Legend has it that three Slavic brothers and their sister founded Kyiv. The eldest, Ky, gave the city its name. The names of brothers Shchek, Khoriv and sister Lybid, now appear in its topography. An iconic statue of the four siblings - the Foundation of Kyiv Monument - stands on the banks of the Dnipro River. Four hundred years later the city really started to prosper, after Vikings from Novgorod took control. In 878 Scandinavian King Oleh sent two emissaries, Askold and Dir, to Kyiv to strike a deal with the ruling Maygars. But, wanting greater control himself, Oleh journeyed to Kyiv in 882, dispatched his emissaries and declared himself ruler. This was the beginning of Kyivan Rus ('Rus' being the Slavic name for the red-haired Scandinavians). The city thrived on river trade, sending furs, honey and slaves to pay for luxury goods from Constantinople. Within 100 years its empire stretched from the Volga to the Danube and to Novgorod.
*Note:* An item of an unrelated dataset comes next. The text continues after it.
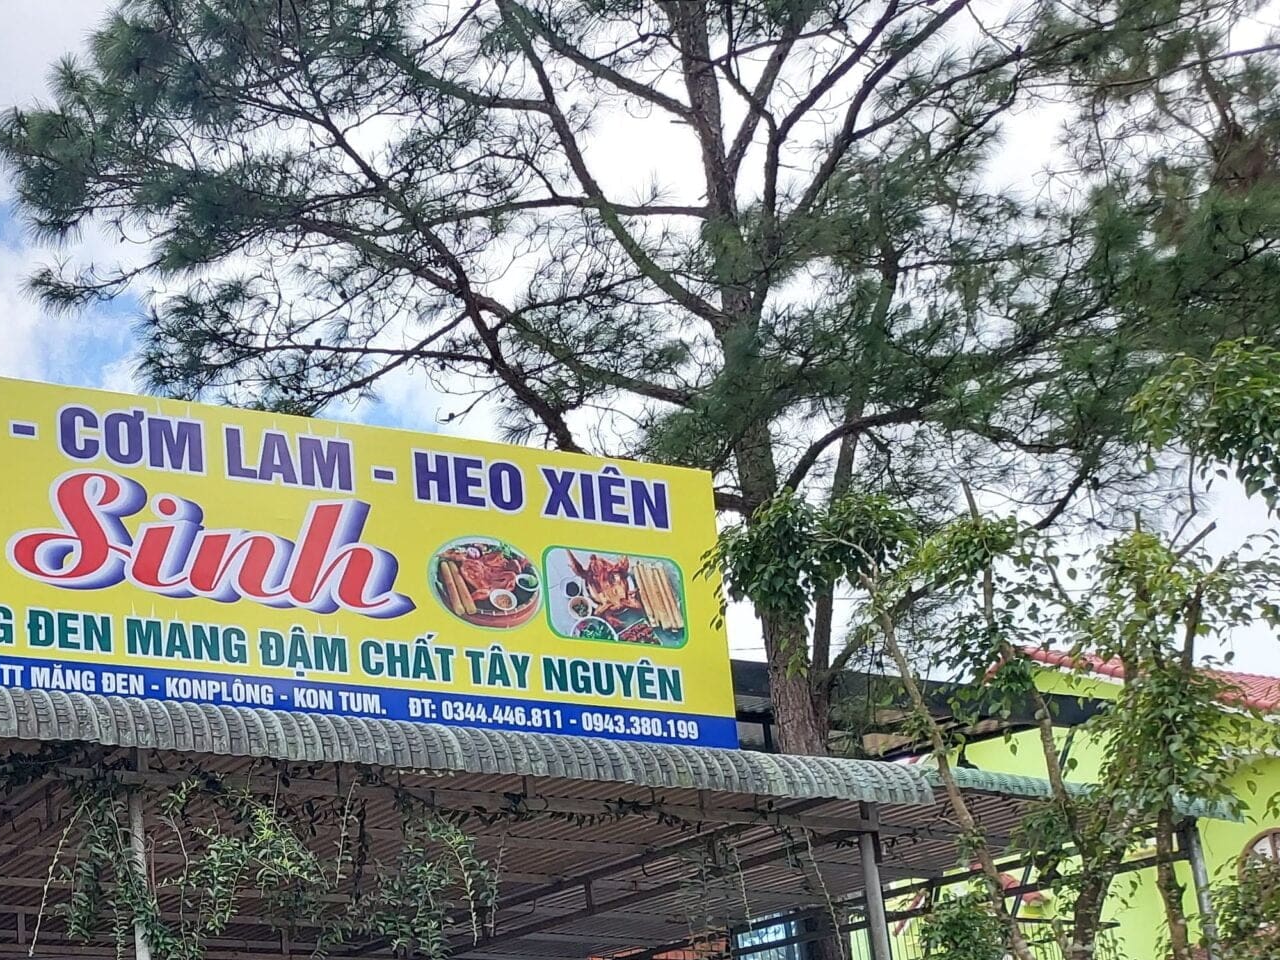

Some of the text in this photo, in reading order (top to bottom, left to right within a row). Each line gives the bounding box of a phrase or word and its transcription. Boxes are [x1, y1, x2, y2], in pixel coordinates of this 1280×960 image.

In 989 Kyivan ruler Volodymyr decided to forge a closer alliance with Constantinople, marrying the emperor's daughter and adopting Orthodox Christianity. Kyiv's pagan idols were destroyed and its people driven into the Dnipro for a mass baptism - an event still commemorated during Epiphany.
Under Volodymyr's son, Yaroslav the Wise (1017-54), Kyiv became a cultural and political centre in the Byzantine mould. St Sophia's Cathedral was built to proclaim the glory of both God and city. However, by the 12th century, Kyiv's economic prowess had begun to wane, with power shifting successively to several breakaway principalities. In 1240 Mongol raiders sacked Kyiv. Citizens fled or took refuge wherever they could, including the roof of the Desyatynna Church, which collapsed under the weight.
The city shrank to the riverside district of Podil, which remained its centre for centuries. Only when Ukraine formally passed into Russian hands at the end of the 18th century did Kyiv again grow in importance, as tsarist policies encouraged Russian immigration.
The city went through an enormous boom at the turn of the 20th century because of an upsurge in nearby sugar milling. Many new mansions were erected at this time, including the remarkable Chimera Building. During the chaos following the Bolshevik Revolution, Kyiv was the site of frequent battles between Red and White Ukrainian forces. Acclaimed author Mikhail Bulgakov captured the era's uncertainty in his first novel The White Guard , and the home in which he wrote this book is now a museum.
In August 1941 German troops captured Kyiv and more than half a million Soviet soldiers were caught or killed. The entire city suffered terribly. Germans massacred about 100,000 at Babyn Yar and 80% of the city's inhabitants were homeless by the time the Red Army retook Kyiv on 6 November 1943. The postwar years saw rapid industrialisation and the construction of unsightly suburbs. During the late 1980s nationalistic and democratic movements from western Ukraine began to catch on in the capital.
Throughout the presidency of Leonid Kuchma, Kyiv and its young population increasingly became a base of opposition politics. During the Orange Revolution of 2004, activists from around Ukraine poured into the capital to demonstrate in Independence Square and outside the parliament building. The Russian oil squeeze in the winter of 2005/06 toughened conditions in the capital, as in other parts of the country.